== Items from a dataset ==
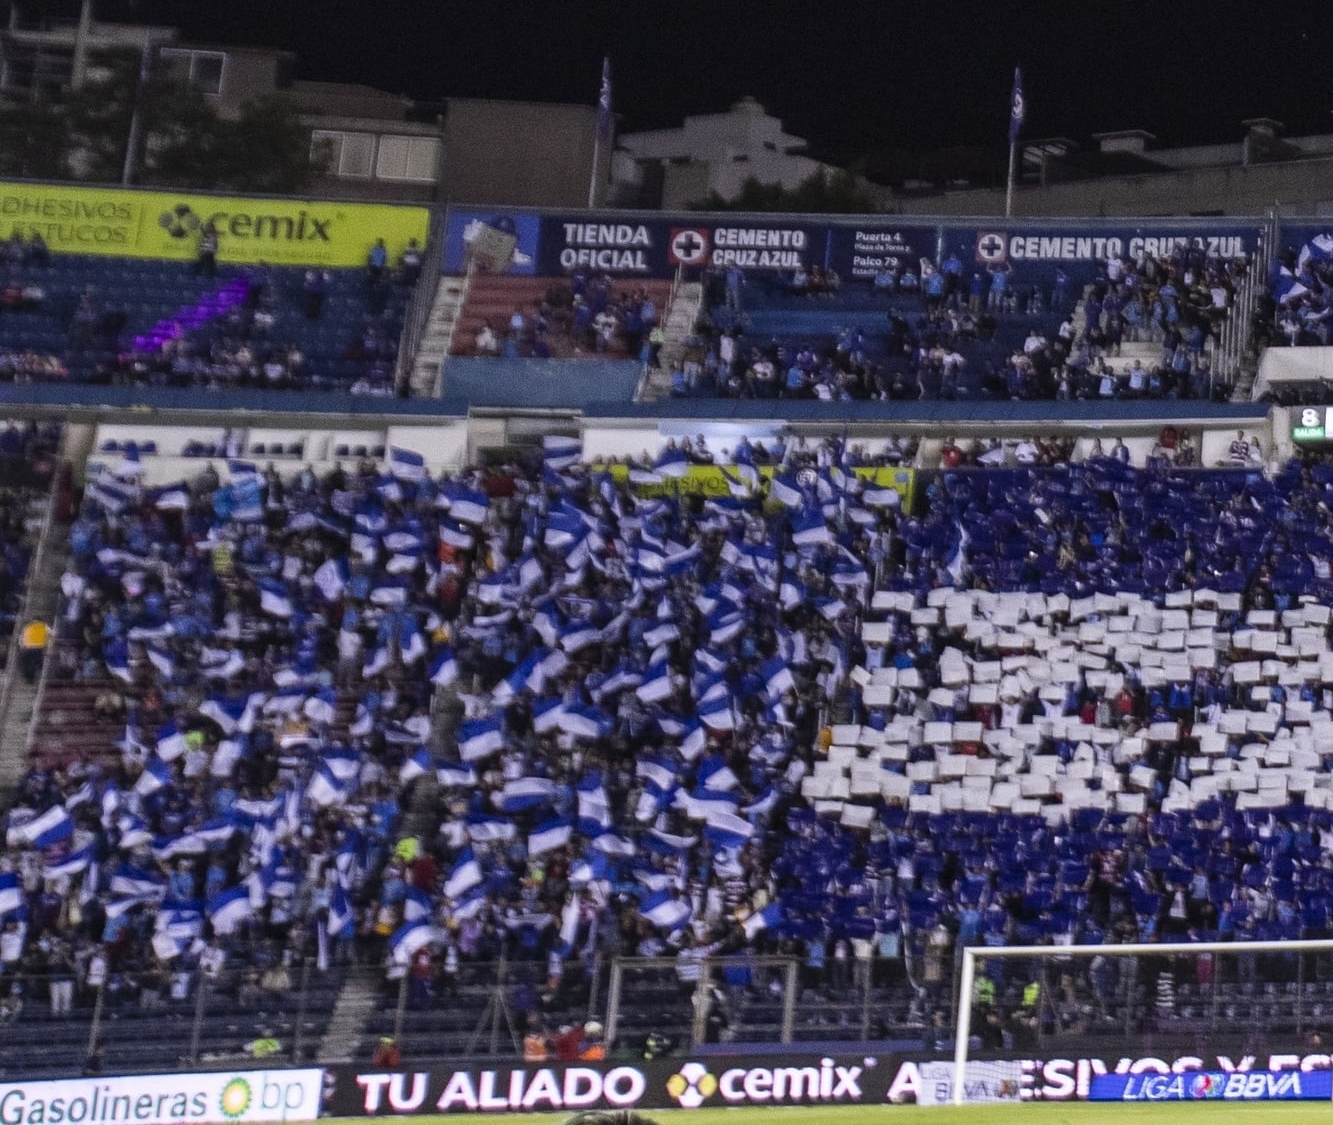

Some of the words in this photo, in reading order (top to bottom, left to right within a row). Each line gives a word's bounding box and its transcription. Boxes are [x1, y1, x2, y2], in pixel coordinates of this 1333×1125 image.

[562, 223, 650, 246] TIENDA
[714, 227, 805, 247] CEMENTO
[855, 231, 891, 242] Puerta
[893, 232, 901, 242] 4
[560, 248, 648, 269] OFICIAL
[712, 249, 758, 267] CRUZ
[759, 250, 802, 267] AZUL
[1009, 236, 1123, 259] CEMENTO
[853, 255, 882, 271] Palco
[884, 256, 898, 271] 79
[1301, 408, 1320, 427] 8
[357, 1072, 429, 1113] TU
[436, 1066, 647, 1109] ALIADO
[719, 1057, 863, 1101] cemix
[1123, 1075, 1185, 1099] LIGA
[1223, 1071, 1302, 1098] BBVA
[0, 1083, 208, 1125] Gasolineras
[261, 1073, 305, 1121] bp
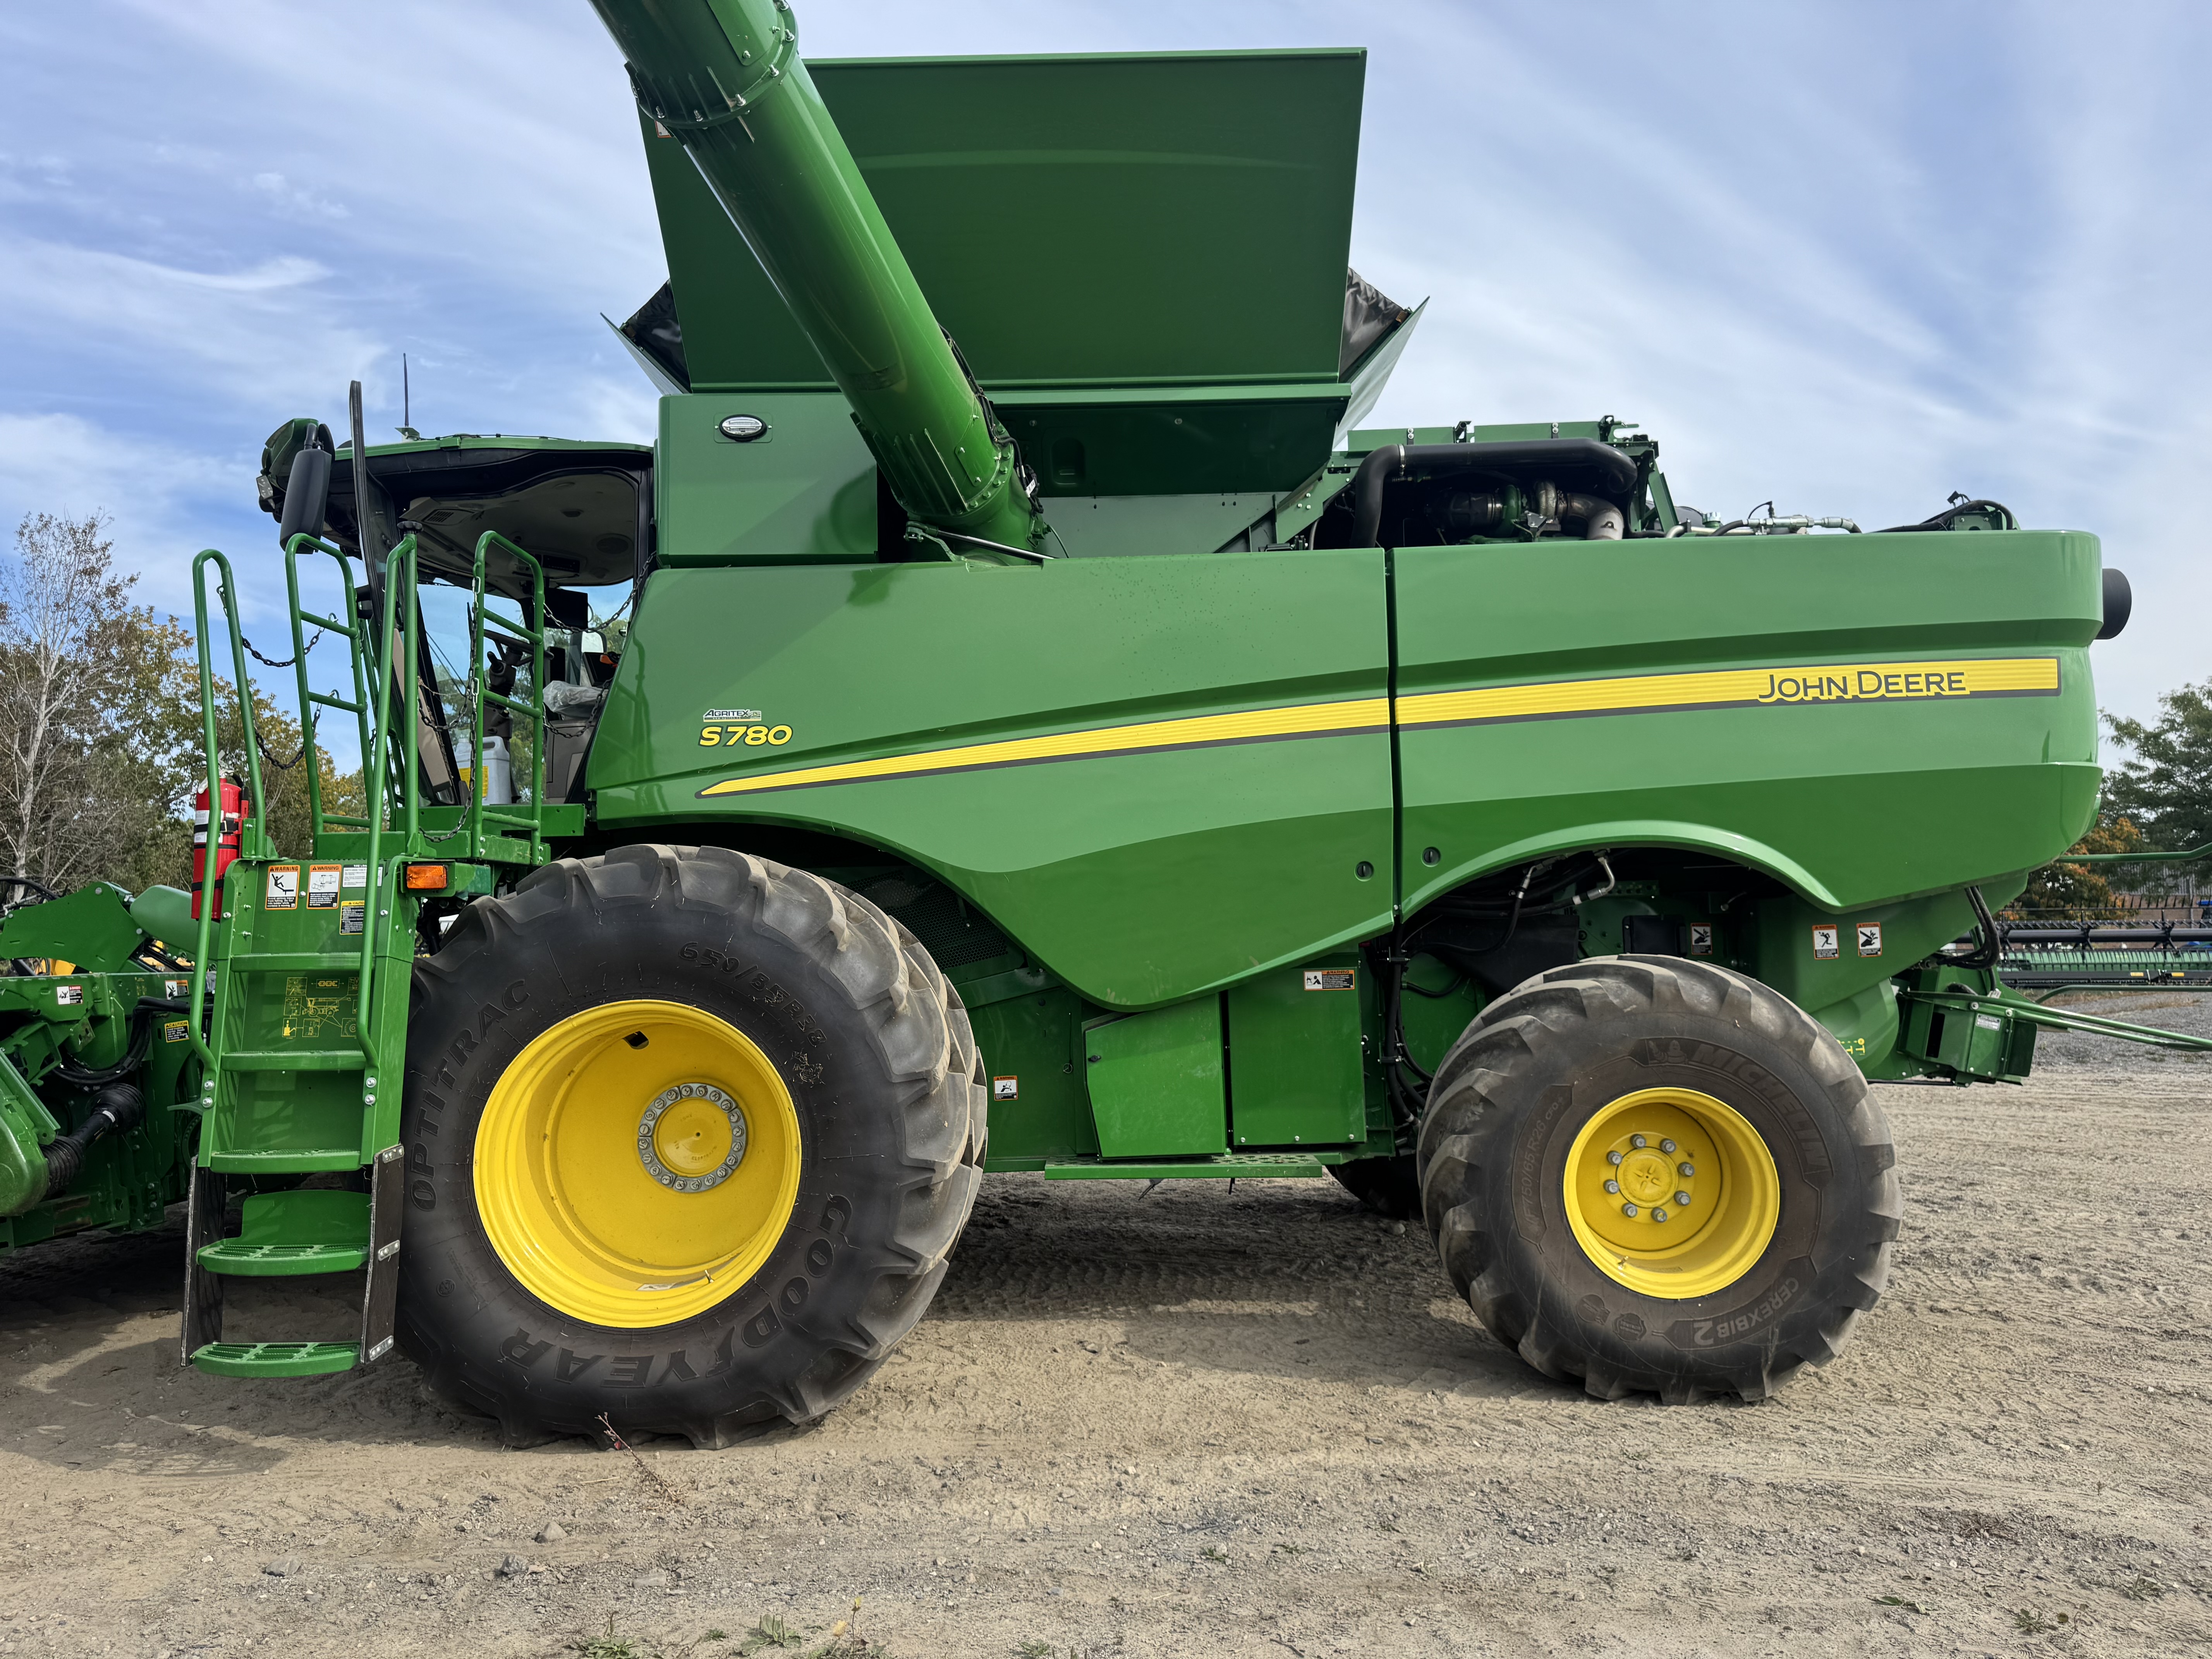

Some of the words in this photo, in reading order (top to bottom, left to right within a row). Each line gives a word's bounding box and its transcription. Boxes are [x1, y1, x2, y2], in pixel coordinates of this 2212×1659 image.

[1758, 674, 1848, 698] JOHN
[1857, 671, 1966, 694] DEERE
[699, 725, 793, 746] S780
[410, 979, 530, 1211] OPTITRAC
[1692, 1043, 1831, 1170] MICHELIN
[500, 1194, 853, 1388] GOODYEAR
[1716, 1277, 1799, 1338] CEREXBIB
[1693, 1321, 1714, 1346] 2

== TASK GOAL ==
Please retype, exactly as written, every line from the line containing "this 2212×1659 image." through the last line of the records above, including both of those lines, and nothing else.

== WRITTEN SOLUTION ==
Some of the words in this photo, in reading order (top to bottom, left to right within a row). Each line gives a word's bounding box and its transcription. Boxes are [x1, y1, x2, y2], in pixel coordinates of this 2212×1659 image.

[1758, 674, 1848, 698] JOHN
[1857, 671, 1966, 694] DEERE
[699, 725, 793, 746] S780
[410, 979, 530, 1211] OPTITRAC
[1692, 1043, 1831, 1170] MICHELIN
[500, 1194, 853, 1388] GOODYEAR
[1716, 1277, 1799, 1338] CEREXBIB
[1693, 1321, 1714, 1346] 2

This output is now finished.